Ahora, aplica esto a los alienígenas (o incluso a las "super-IAs" que podrían existir algún día). Si una civilización es vieja y avanzada, probablemente tiene suficientes recursos. Según el artículo, una vez que tienes suficiente, no tiene sentido colonizar toda la galaxia. Es como intentar comerse todo el océano cuando ya estás lleno. El artículo sostiene que la idea de que los alienígenos se propaguen por todas partes como un virus está físicamente limitada porque el espacio es demasiado grande y toma demasiado tiempo cruzarlo; matemáticamente, la expansión puede crecer, en el mejor de los casos, de forma cuadrática, no exponencial, y los beneficios de tal expansión eventualmente serían demasiado pequeños para justificar el esfuerzo debido a los rendimientos decrecientes. No obtendrían suficiente beneficio para justificar la enorme energía y el tiempo que requeriría.
El artículo también aborda algunas ideas aterradoras. Sugiere que no debemos preocuparnos de que los alienígenas hayan muerto porque se destruyeron a sí mismos con armas nucleares o contaminación. El autor argumenta que, para una sociedad que ha evolucionado para ser cooperativa, estos riesgos son problemas "mitigables". Una sociedad lo suficientemente inteligente como para sobrevivir lo suficiente para convertirse en una supercivilización habría descubierto cómo resolver esos problemas en lugar de dejar que la destruyan. No serían las criaturas imprudentes y destructivas que destruyen su propio hogar. En su lugar, serían el tipo de vecinos que mantienen su jardín ordenado y no hacen ruido.
Entonces, ¿dónde están? El artículo sugiere que están justo aquí, en sus propios patios traseros, viviendo tranquila y felizmente. No están construyendo esferas de Dyson gigantes para absorber toda la energía de su sol porque no necesitan tanto. No están enviando millones de sondas a cada estrella porque es una pérdida de tiempo. Han llegado a un punto donde "más" no significa "mejor". Son los introvertidos definitivos del cosmos, conformes con lo que tienen.
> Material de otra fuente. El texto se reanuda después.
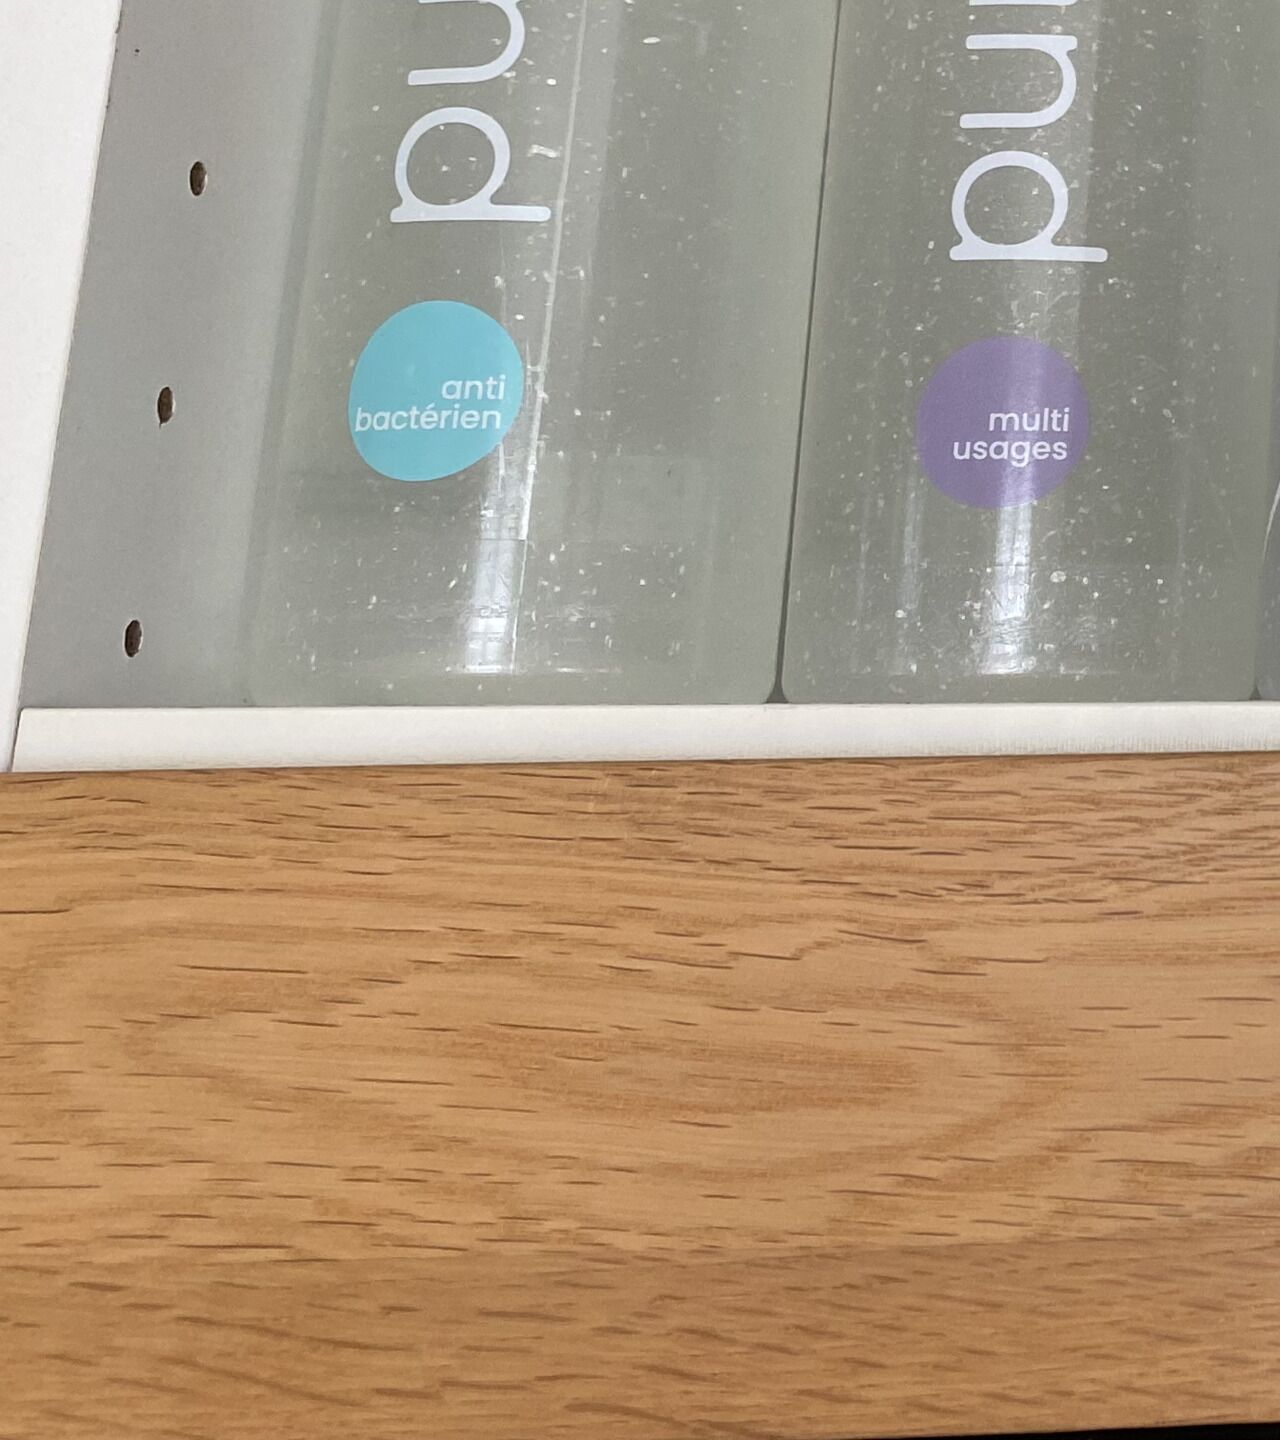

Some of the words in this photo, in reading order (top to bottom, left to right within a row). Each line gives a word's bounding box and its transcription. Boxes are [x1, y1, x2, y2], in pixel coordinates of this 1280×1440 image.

[442, 374, 506, 401] anti
[355, 403, 502, 433] bactérien
[988, 406, 1071, 433] multi
[952, 436, 1068, 466] usages
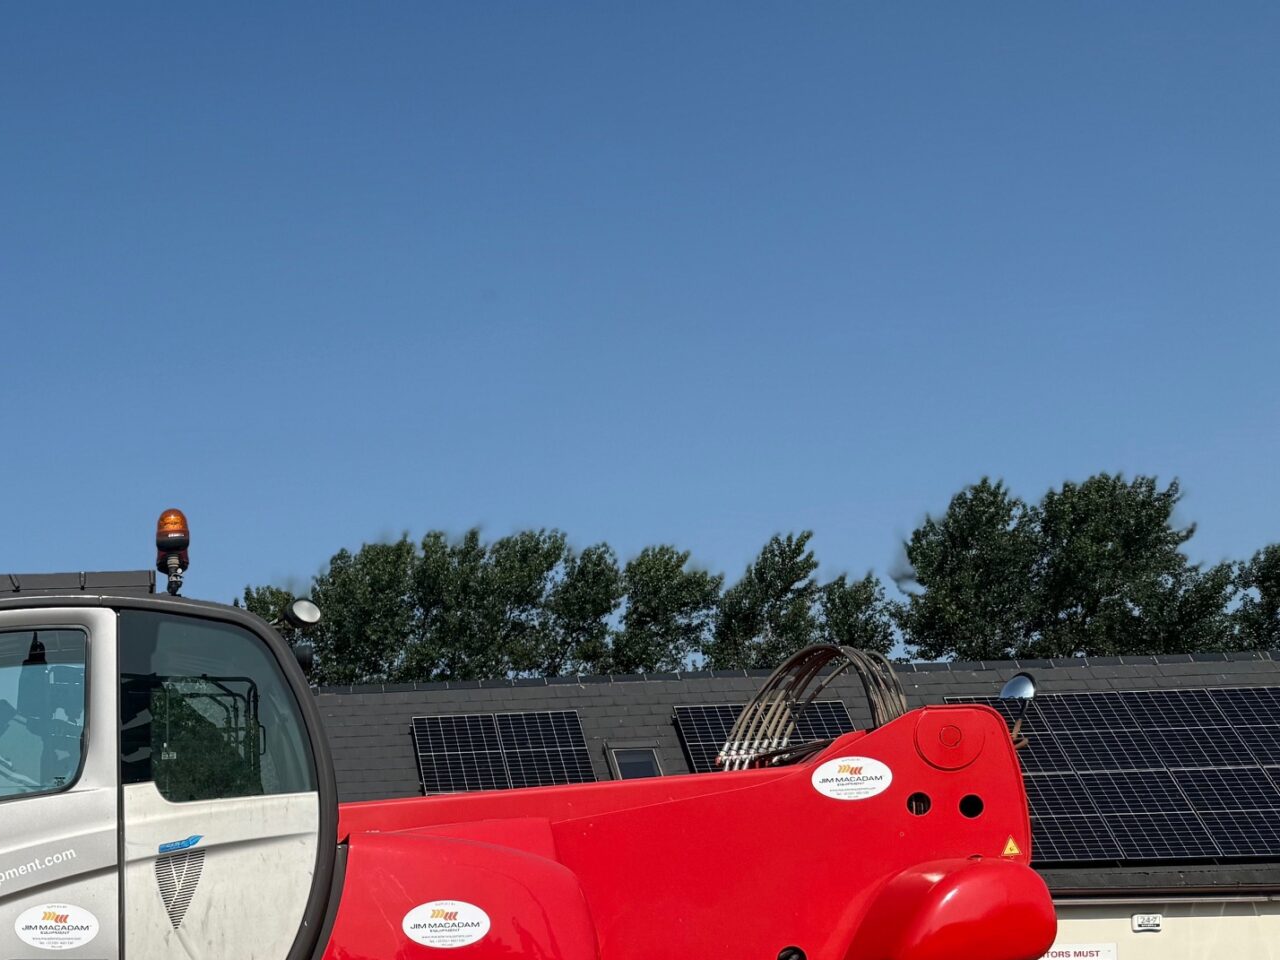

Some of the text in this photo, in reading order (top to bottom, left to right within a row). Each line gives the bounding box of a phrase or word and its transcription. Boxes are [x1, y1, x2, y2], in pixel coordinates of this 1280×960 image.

[835, 775, 883, 783] MACADAM
[428, 921, 481, 929] MACADAM
[1073, 950, 1100, 958] MUST
El autor admite que esto es una sugerencia basada en modelos y lógica, no un hecho que podamos probar todavía. Después de todo, no hemos encontrado a ningún alienígena a quien preguntarle. Pero la idea encaja con los datos que tenemos: los humanos nos volvemos más cooperativos a medida que nos enriquecemos, y la matemática de los viajes espaciales hace que la dominación total parezca absurda. Si el universo está lleno de civilizaciones viejas y sabias, es posible que sean aquellas que decidieron que la mejor manera de vivir es dejar de intentar poseerlo todo. No faltan; simplemente están disfrutando del silencio.